Software programs, like other creative works, are released to its users under certain terms and conditions called licenses. When a license gives its users the rights/freedoms to use, study, copy, modify, improve, and redistribute it, then the software is considered free, or libre, and open-source software (FOSS).
Background: In software development, companies and developers write software as a collection of many files called the source code or the code base. When the software is ready for use, they compile the source code into executable files. For example, applications on Windows and macOS typically have the file extensions
.app, respectively. These executable files are usually unreadable and recovering the source from them is usually impossible.
- If the developers keep their source code private, then the software is said to be proprietary or closed-source.
- If the developers publish the source code for the public to study it, but do not grant them the all freedoms of open-source software, then software is called source-available.
In conventional software development, companies release proprietary software and they require you to purchase a license or subscription in order to use it. This sometimes works well for consumers, but there are important restrictions to be aware of when using proprietary software. If a software program prevents you from exporting your data and using it in another compatible program, then you are forced to maintain a subscription for it in order to maintain access to your work. This tactic, known in economics as vender lock-in or consumer lock-in, is a way for technology companies to make it difficult for you to stop using their services.
Free and open-source software avoids locking-in consumers and instead provides them with several valuable rights:
- Users of free and open-source software are permitted to use it for any purpose (except for those prohibited by law).
- Users and third-parties can independently study and inspect FOSS programs to verify the authenticity of claims regarding its privacy and security. By making the software transparent, it has the potential to be safer and more trustworthy.

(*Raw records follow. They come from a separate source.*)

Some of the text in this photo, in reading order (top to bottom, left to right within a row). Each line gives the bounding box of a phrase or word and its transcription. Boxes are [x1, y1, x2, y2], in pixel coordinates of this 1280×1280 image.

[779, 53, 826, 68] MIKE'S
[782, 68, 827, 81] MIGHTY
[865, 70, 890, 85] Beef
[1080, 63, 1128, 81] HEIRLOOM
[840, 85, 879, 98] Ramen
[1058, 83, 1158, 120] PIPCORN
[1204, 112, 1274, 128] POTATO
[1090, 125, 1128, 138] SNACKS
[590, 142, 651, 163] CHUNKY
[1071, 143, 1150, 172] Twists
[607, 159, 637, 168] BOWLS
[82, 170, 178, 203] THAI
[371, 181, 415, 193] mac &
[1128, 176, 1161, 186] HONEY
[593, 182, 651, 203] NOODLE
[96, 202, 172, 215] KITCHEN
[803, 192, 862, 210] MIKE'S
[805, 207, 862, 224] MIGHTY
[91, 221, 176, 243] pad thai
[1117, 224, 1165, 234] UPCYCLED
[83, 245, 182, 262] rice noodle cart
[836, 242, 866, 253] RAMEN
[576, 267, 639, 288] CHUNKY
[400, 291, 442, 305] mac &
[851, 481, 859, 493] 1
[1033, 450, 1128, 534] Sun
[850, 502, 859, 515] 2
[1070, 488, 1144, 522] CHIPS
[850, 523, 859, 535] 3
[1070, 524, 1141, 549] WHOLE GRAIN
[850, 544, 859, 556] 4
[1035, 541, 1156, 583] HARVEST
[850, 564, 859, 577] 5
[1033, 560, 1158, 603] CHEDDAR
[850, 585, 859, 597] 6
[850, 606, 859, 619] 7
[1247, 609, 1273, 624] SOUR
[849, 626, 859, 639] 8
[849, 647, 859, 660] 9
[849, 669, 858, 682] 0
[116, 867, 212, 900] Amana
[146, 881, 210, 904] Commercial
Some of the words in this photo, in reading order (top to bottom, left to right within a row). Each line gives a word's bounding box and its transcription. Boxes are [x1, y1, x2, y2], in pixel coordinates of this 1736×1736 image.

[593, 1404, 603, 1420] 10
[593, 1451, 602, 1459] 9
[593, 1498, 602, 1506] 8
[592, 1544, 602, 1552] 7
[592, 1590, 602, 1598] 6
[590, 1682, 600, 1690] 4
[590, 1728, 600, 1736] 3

- After obtaining copies of the source code, users can modify it to fit their needs. These modifications may include improvements on the original code or removals of existing features (e.g., those that invade privacy, create security vulnerabilities, or are simply unnecessary).

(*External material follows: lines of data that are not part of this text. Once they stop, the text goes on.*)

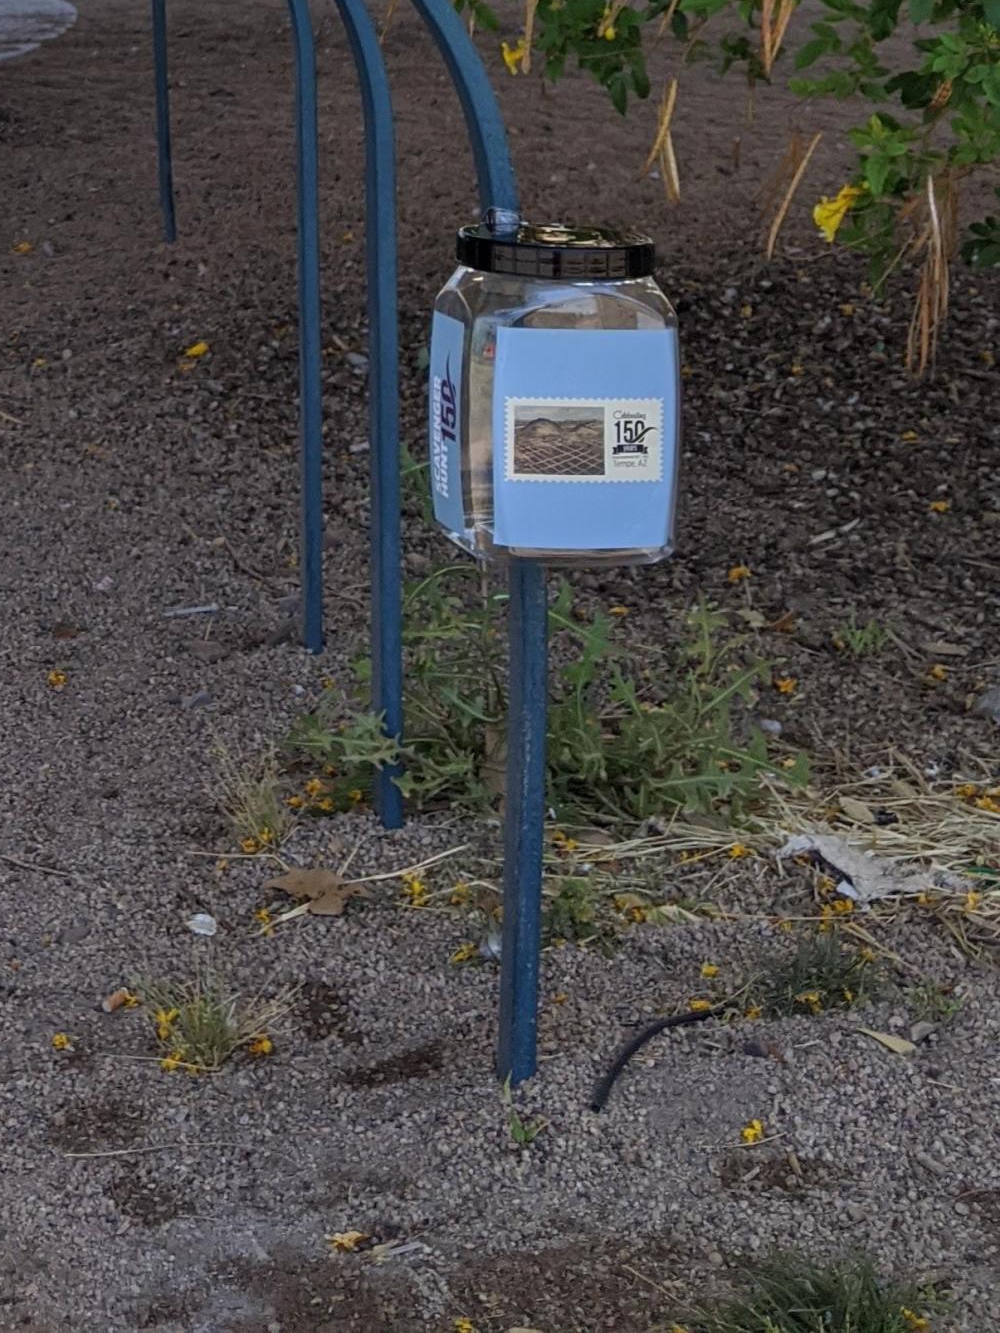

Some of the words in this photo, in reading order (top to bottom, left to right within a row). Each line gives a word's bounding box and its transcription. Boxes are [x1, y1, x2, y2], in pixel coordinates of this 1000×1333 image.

[433, 376, 442, 493] SCAVENGER
[441, 367, 456, 442] 150
[614, 420, 652, 444] 150
[440, 443, 449, 499] HUNT
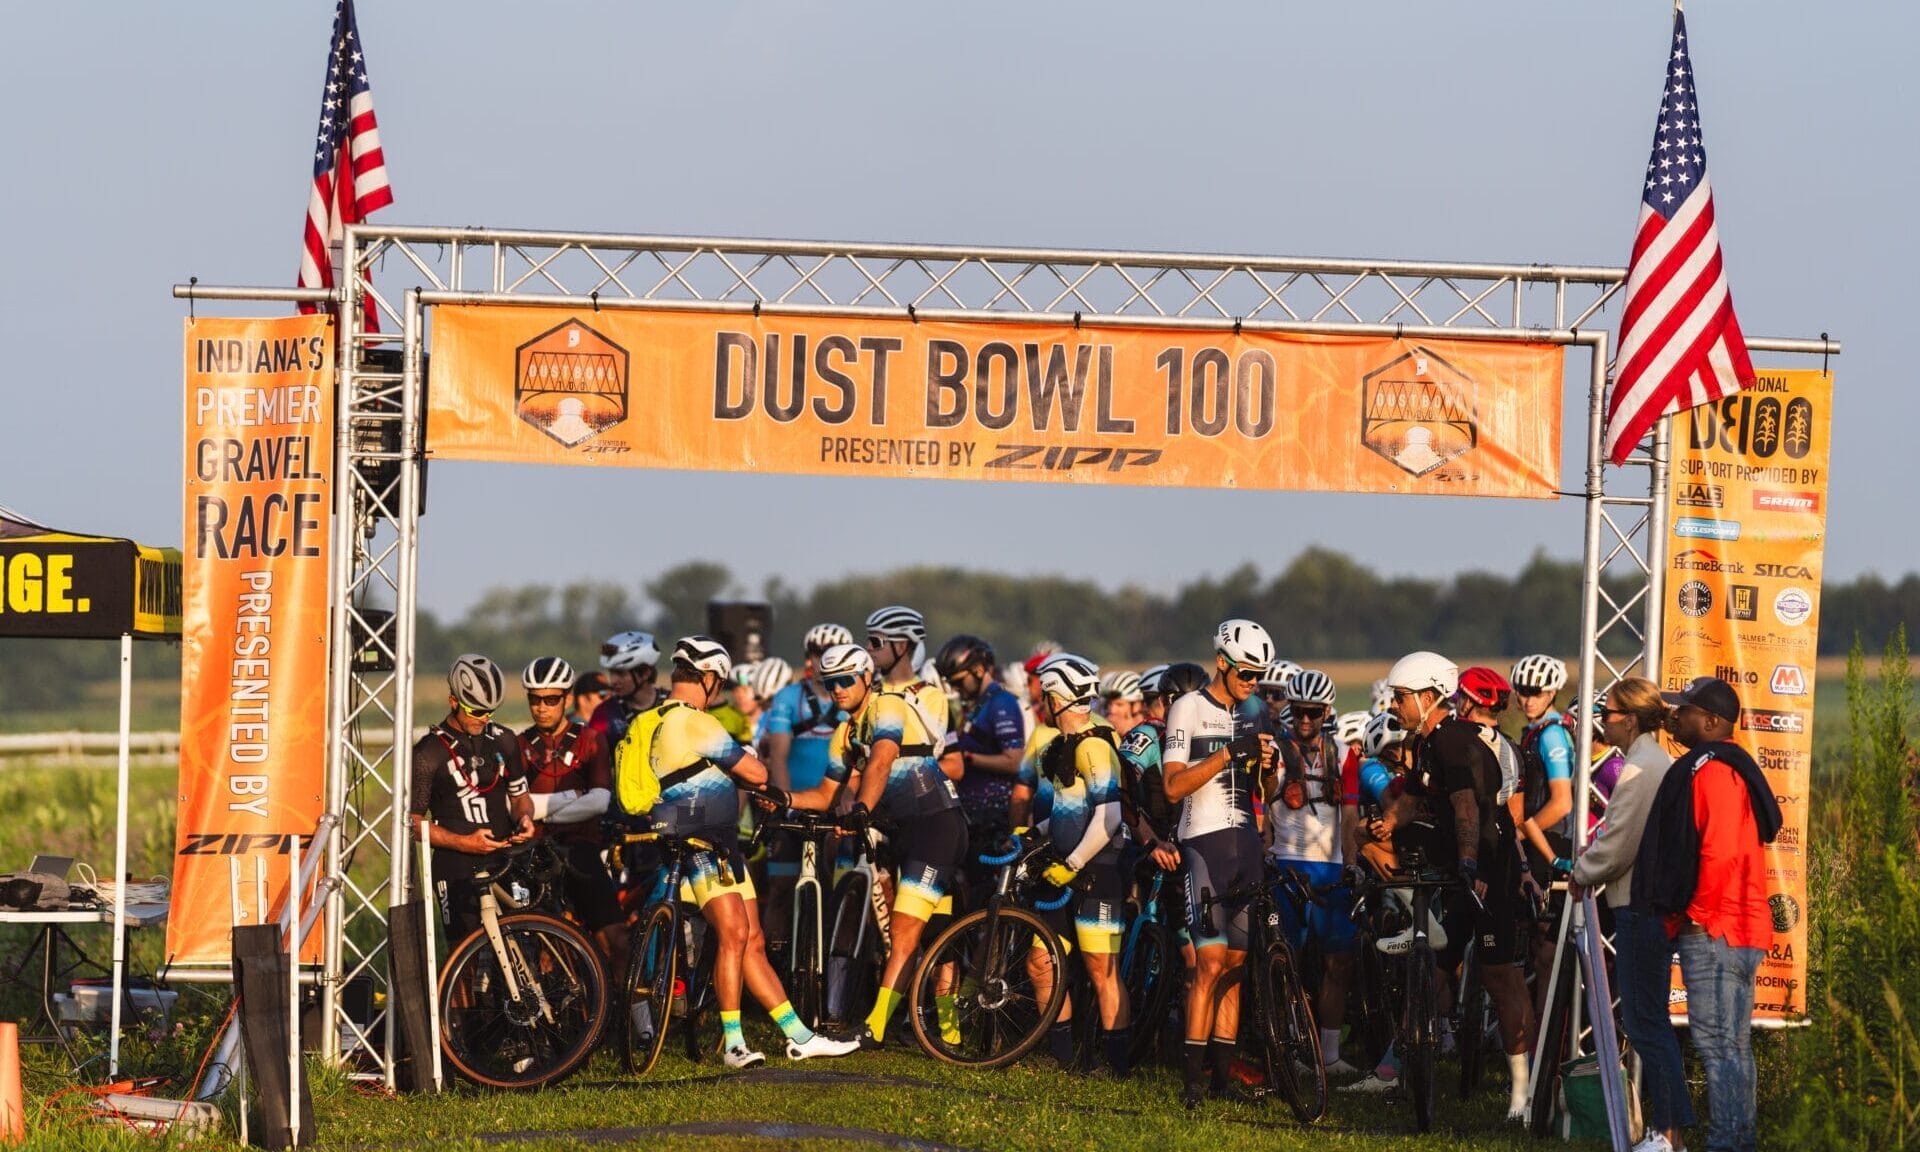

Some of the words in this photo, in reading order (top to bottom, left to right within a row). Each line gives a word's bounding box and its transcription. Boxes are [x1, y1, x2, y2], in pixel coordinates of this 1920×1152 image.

[197, 337, 324, 373] INDIANA'S
[197, 385, 322, 426] PREMIER
[712, 330, 903, 427] DUST
[925, 338, 1136, 435] BOWL
[1156, 347, 1277, 439] 100
[197, 436, 322, 482] GRAVEL
[821, 436, 940, 465] PRESENTED
[949, 441, 976, 466] BY
[984, 444, 1163, 472] ZIPP
[1680, 459, 1733, 479] SUPPORT
[1736, 465, 1797, 484] PROVIDED
[1801, 469, 1819, 485] BY
[197, 493, 321, 559] RACE
[0, 553, 90, 614] GE.
[1752, 563, 1814, 580] SILCA
[230, 571, 273, 763] PRESENTED
[229, 775, 269, 818] BY

- Users of FOSS can choose to redistribute their software, modified or not, to other people without fee or for profit. The right to redistribution allows users to share their modifications and improvements with others.
Some FOSS licenses require that any redistribution of the software must also be licensed with the same license as the original software or at least be licensed in a way that does not revoke any of the rights granted by the original license. These licenses are known as copyleft licenses and are meant to guarantee that any modifications of FOSS remain part of the community as FOSS.
Example: The strongest copyleft license for FOSS is considered to be GNU Affero General Public License Version 3.0, or AGPLv3, because it requires that anyone who uses the software to provide a service over a network must also provide its complete source code, even if it's modified.
Standard Notes publishes the source code for its web, desktop, and mobile apps as well as its syncing server and extensions under AGPLv3. This means that any individual or company can legally use all our free and open-source software for their own commercial purposes and therefore potentially drive us out of business. However, the AGPLv3 license requires that they must also release their software under AGPLv3, so any improvements that they make to it ultimately return to the Standard Notes community. This means that if Standard Notes were to disappear for whatever reason, then the community would be able to maintain the service and your notes would continue to be safe.